Re: select$DARWIN_EXTSN$NOCANCEL vs select$DARWIN_EXTSN
Re: select$DARWIN_EXTSN$NOCANCEL vs select$DARWIN_EXTSN
- Subject: Re: select$DARWIN_EXTSN$NOCANCEL vs select$DARWIN_EXTSN
- From: Jean-Daniel Dupas <email@hidden>
- Date: Tue, 04 Oct 2011 18:14:11 +0200
Le 4 oct. 2011 à 15:07, Mike Richmond a écrit :
>
> On 4 Oct 2011, at 11:35, Jean-Daniel Dupas wrote:
>
>>
>> Le 4 oct. 2011 à 12:15, Mike Richmond a écrit :
>>
>>>
>>> On 3 Oct 2011, at 20:06, Jonas Maebe wrote:
>>>
>>>> On 03 Oct 2011, at 17:43, Mike Richmond wrote:
>>>>
>>>>> What I can't get to work though is building on 10.6 with the 10.4u SDK. In that case I note that select$DARWIN_EXTSN$NOCANCEL() is being called, whereas I think I want select$DARWIN_EXTSN() to be called (as I see when using the 10.5 and 10.6 SDKs).
>>>>
>>>> The Mac OS X 10.4 version of libSystem contained only one version of select. It did not have a NOCANCEL version (nor even a DARWIN_EXTSN version, so I'm not sure why you think that version is being called).
>>>
>>> There's only one version of select() when building on 10.4 with tools and SDKs from Xcode 2.4.1, but its behaviour varies dependent on whether I define _POSIX_C_SOURCE or not.
>>>
>>> However when I build and run on 10.6 against the 10.4u SDK using GCC 4.0 from Xcode 3.2.x I see:
>>>
>>> #0 0x9191a58a in select$DARWIN_EXTSN$NOCANCEL ()
>>> #1 0x919b2c4b in select ()
>>> #2 0x00001dce in timer_fn ()
>>>
>>> and none of the defines mentioned in <http://developer.apple.com/library/mac/#releasenotes/
>>> Darwin/SymbolVariantsRelNotes/index.html> affect it. I was expecting defining _POSIX_C_SOURCE to make a difference, as it does when building on 10.4, but it doesn't.
>>>
>>> cf building with GCC 4.2 against the 10.6 SDK:
>>>
>>> #0 0x918fdac6 in select$DARWIN_EXTSN ()
>>> #1 0x00001d06 in timer_fn ()
>>> #2 0x9190c259 in _pthread_start ()
>>>
>>> ISTM that there should be something I can define so that I get select$DARWIN_EXTSN when using the 10.4u SDK on 10.6, so that I can get the same behaviour as when I build on 10.4.
>>
>>
>> As already mentioned, there is only one version of select in 10.4 libSystem.

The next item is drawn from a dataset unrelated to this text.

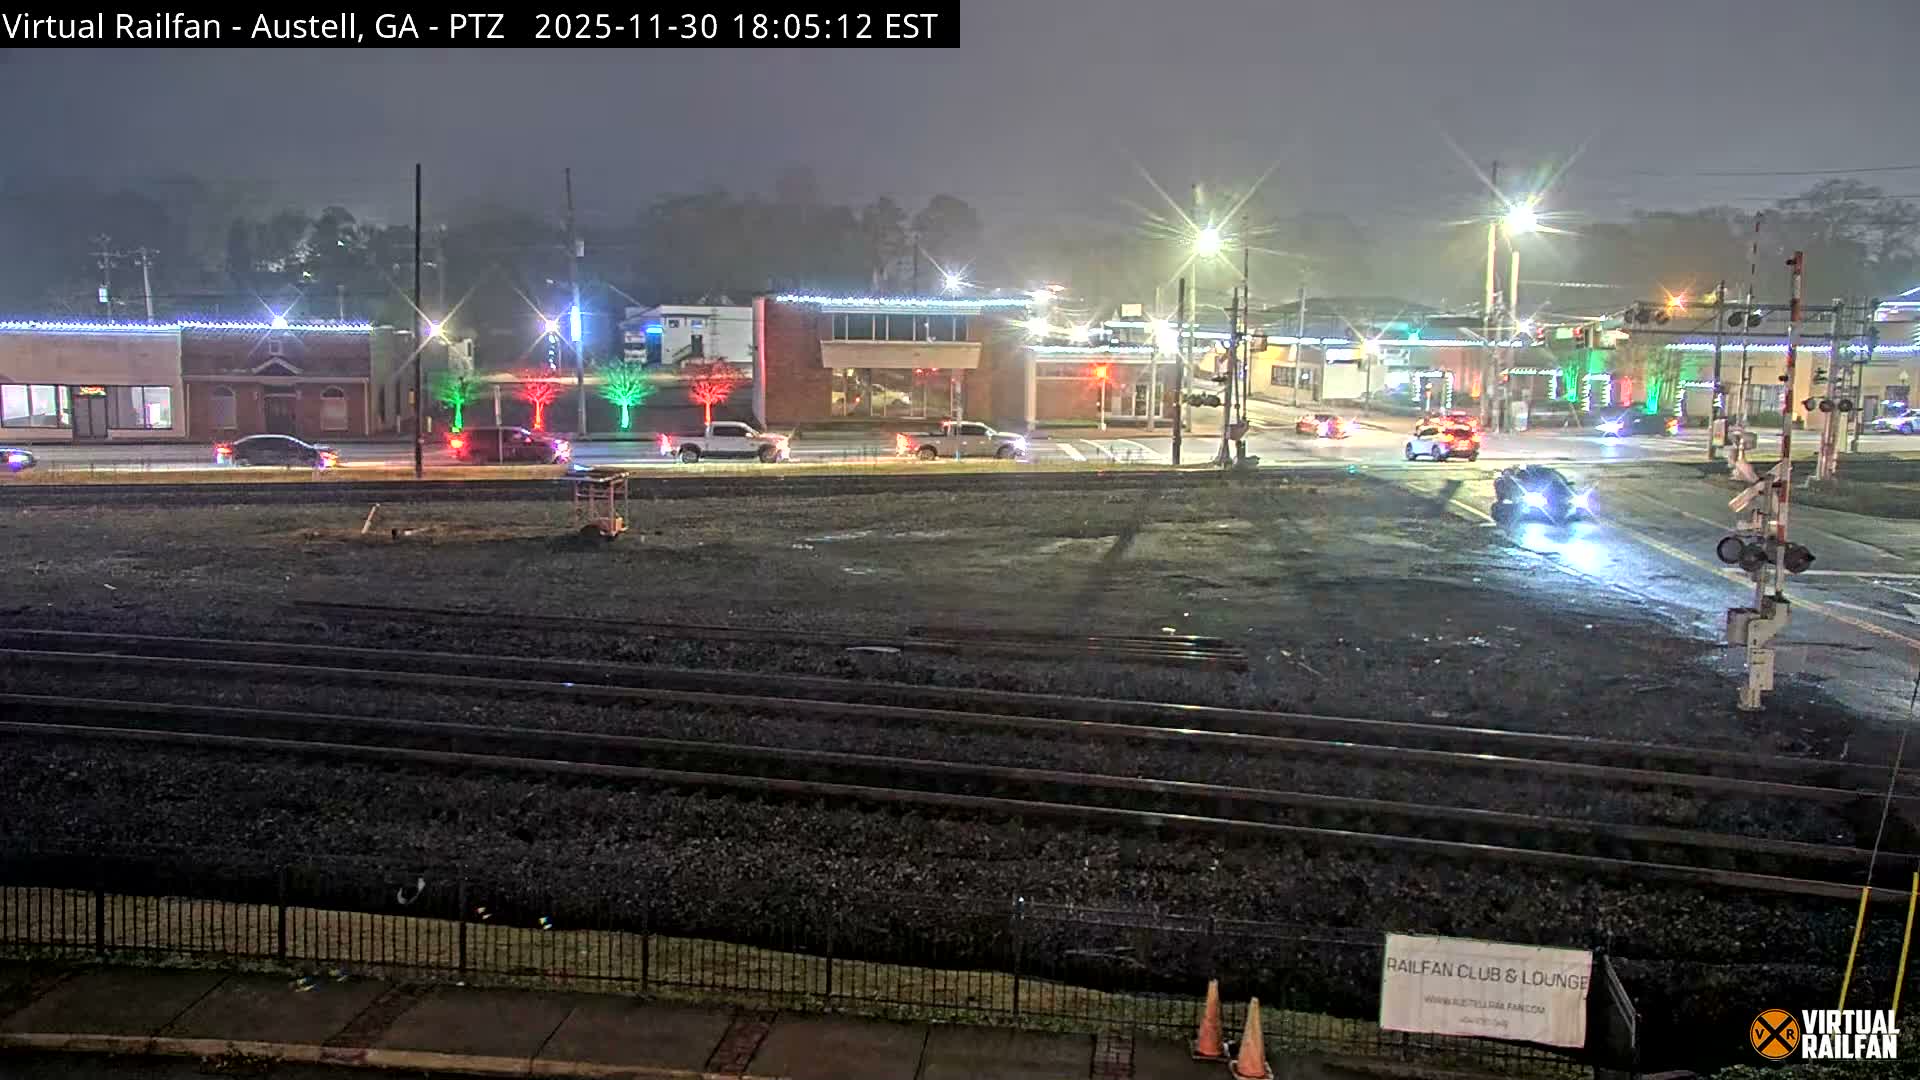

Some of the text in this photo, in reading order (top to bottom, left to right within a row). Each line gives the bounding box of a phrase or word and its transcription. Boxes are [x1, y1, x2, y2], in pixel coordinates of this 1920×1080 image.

[1387, 957, 1590, 991] RAILFAN CLUB & LOUNGE

>> If you managed to generate a call to something else than select, when trying to run on 10.4, you will get a crash due to missing symbol.
>
> Yes, I realise that there is only select() when running on 10.4. There I see:
>
> #0 0x90019d0c in select ()
> #1 0x00001dce in timer_fn ()
>
> whether _POSIX_C_SOURCE is defined or not, but the definition of _POSIX_C_SOURCE affects the behaviour.
>
> On 10.6 I was expecting to see a backtrace like:
>
> #0 0x00007fff82efa932 in select$DARWIN_EXTSN ()
> #1 0x00007fff82f76922 in select ()
> #2 0x0000000100000c03 in timer_fn ()
>
AFAIK, that's not how variants works. You will see either select or select$DARWIN_EXTSN, but not both in the same trace. The macro defined which function is called, it does not change the function behavior.
That said, I would be curious to know how a preprocessor macro can change the runtime behavior of a dynamically linked function.
> when _POSIX_C_SOURCE is defined - this being from a 64-bit build, which behaves as I expect it to.
>
> I've now found that whether I define _POSIX_C_SOURCE or not when building on 10.6 does make a difference when I take that app and run it on 10.4. What I can't do successfully is build and run a 32-bit app on 10.6 using the 10.4u SDK. The same app which runs correctly on 10.4 fails on 10.6.